At what point did you realize your primary interest was in philosophy of law rather than practicing?

My time in law practice was very fruitful—I learned that the Legal Realists were right about courts, and that the mainstream Anglophone tradition in legal philosophy badly misunderstood their insights. It was fruitful in profoundly personal ways too. During my time in New York in the late 1980s, I also met my wife, at a party full of Columbia grads. My “pick-up” line to the beautiful, tall redhead sitting on a sofa at the party: “Are you a deconstructionist?” She thought that was funny, but still blew me off later that evening! But we met again at other Columbia parties, and, luckily for me, she eventually asked me out. Three lovely children and 25+ years later, that worked out better than I deserved. I still remember sitting in a bar near Columbia explaining to my wife-to-be that I was going to quit my high-paying law job to study for a PhD in philosophy in Ann Arbor that fall. She took it very well, offering her full support. The main partner at the law firm I worked for (not Handler) said to me: “You’re crazy.” It’s probably true I will retire with several million less than he did.
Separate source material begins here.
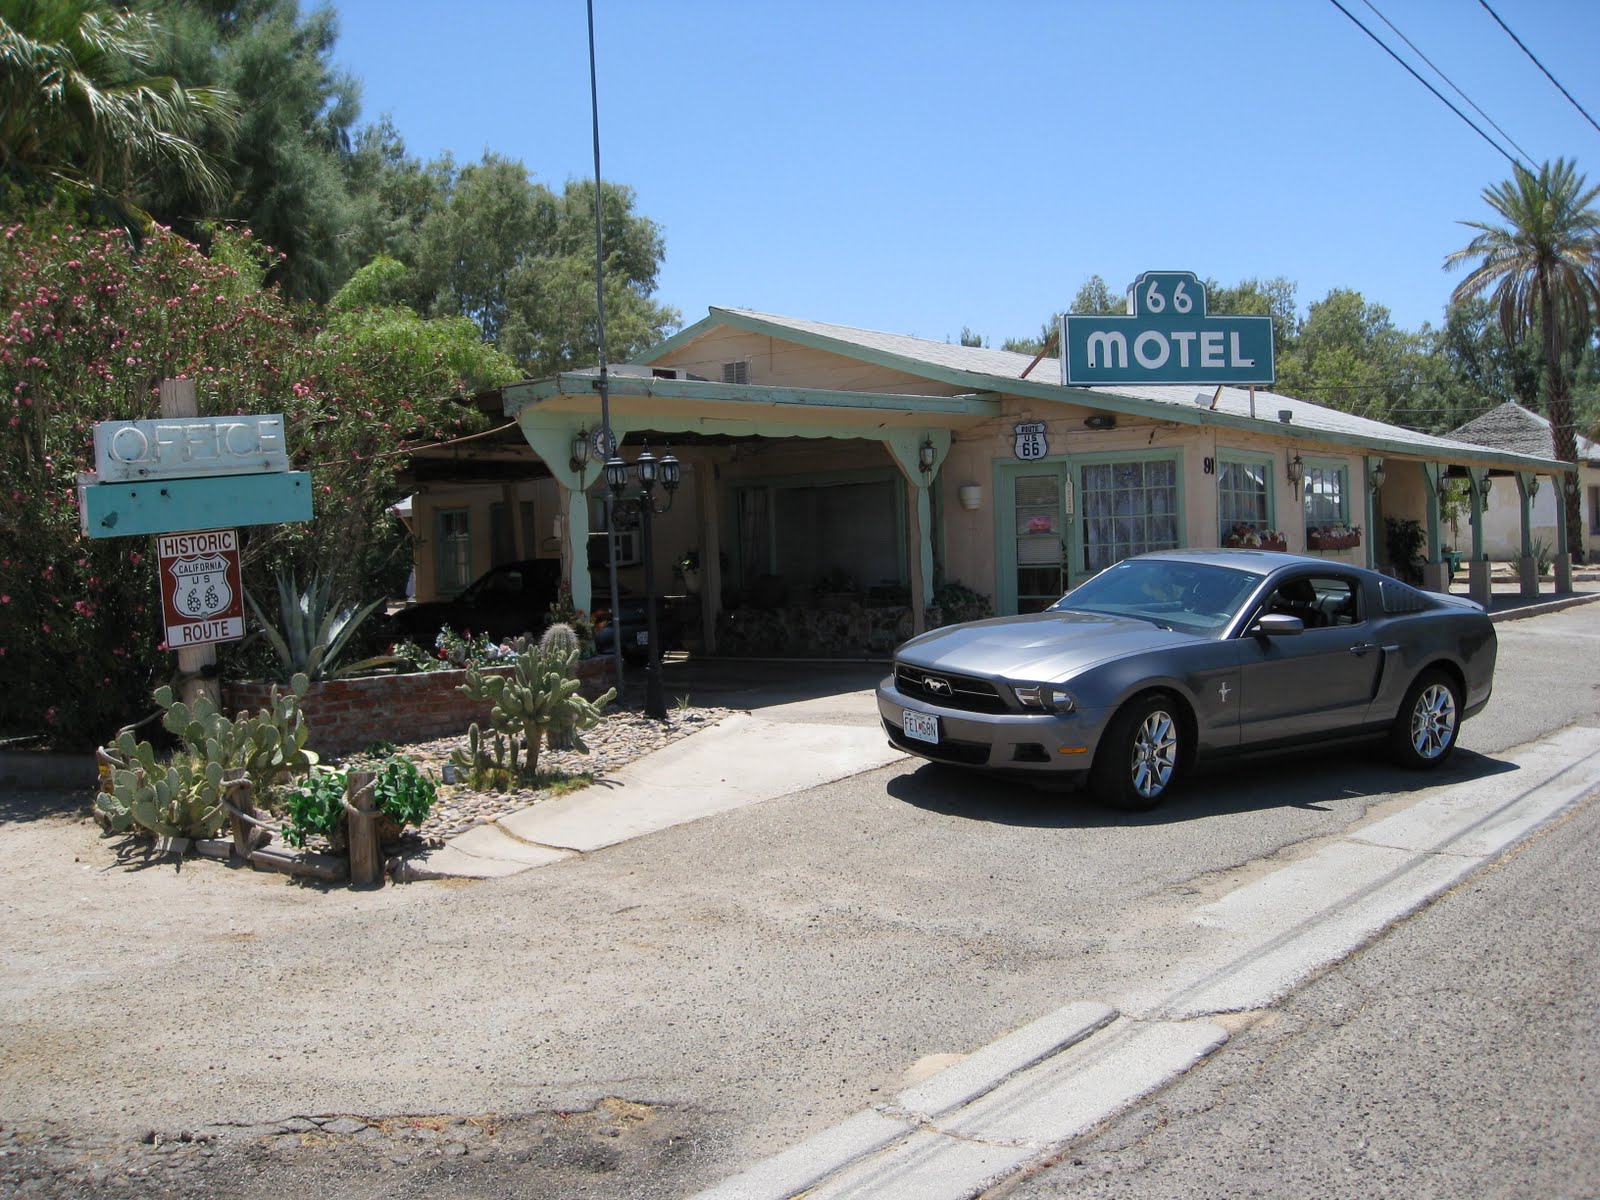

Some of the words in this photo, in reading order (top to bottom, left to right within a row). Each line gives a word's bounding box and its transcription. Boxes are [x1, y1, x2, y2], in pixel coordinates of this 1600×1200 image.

I have no regrets.

So, what did you dislike about practicing law?

I did not dislike practicing law (apart from the lack of autonomy), but I did not like it as much as philosophy, scholarship, and teaching. My hope even before I started practicing law was to return to graduate school and, happily, that worked out. Coming out of law, and especially in New York, I probably did not find the combative atmosphere in Philosophy at Michigan as unpleasant as some others did. Litigation, maybe especially in New York, is combative and aggressive! Some fellow PhD students at Michigan subsequently used to joke that if you had a problem with service at a restaurant, you wanted me to be there! I did sue one landlord in Ann Arbor, and threatened to sue one restaurant that gave food poisoning to me and three others—they settled.

That reminds me…maybe I have low self-esteem, but for me, it doesn't seem like it's worth my time and energy to retaliate legally, even when I’ve been wronged. You seem to be eager to litigate when you feel like you've been wronged? Is that a fair characterization? What explains that? Where does that impulse come from? Is it a desire for vengeance? Justice?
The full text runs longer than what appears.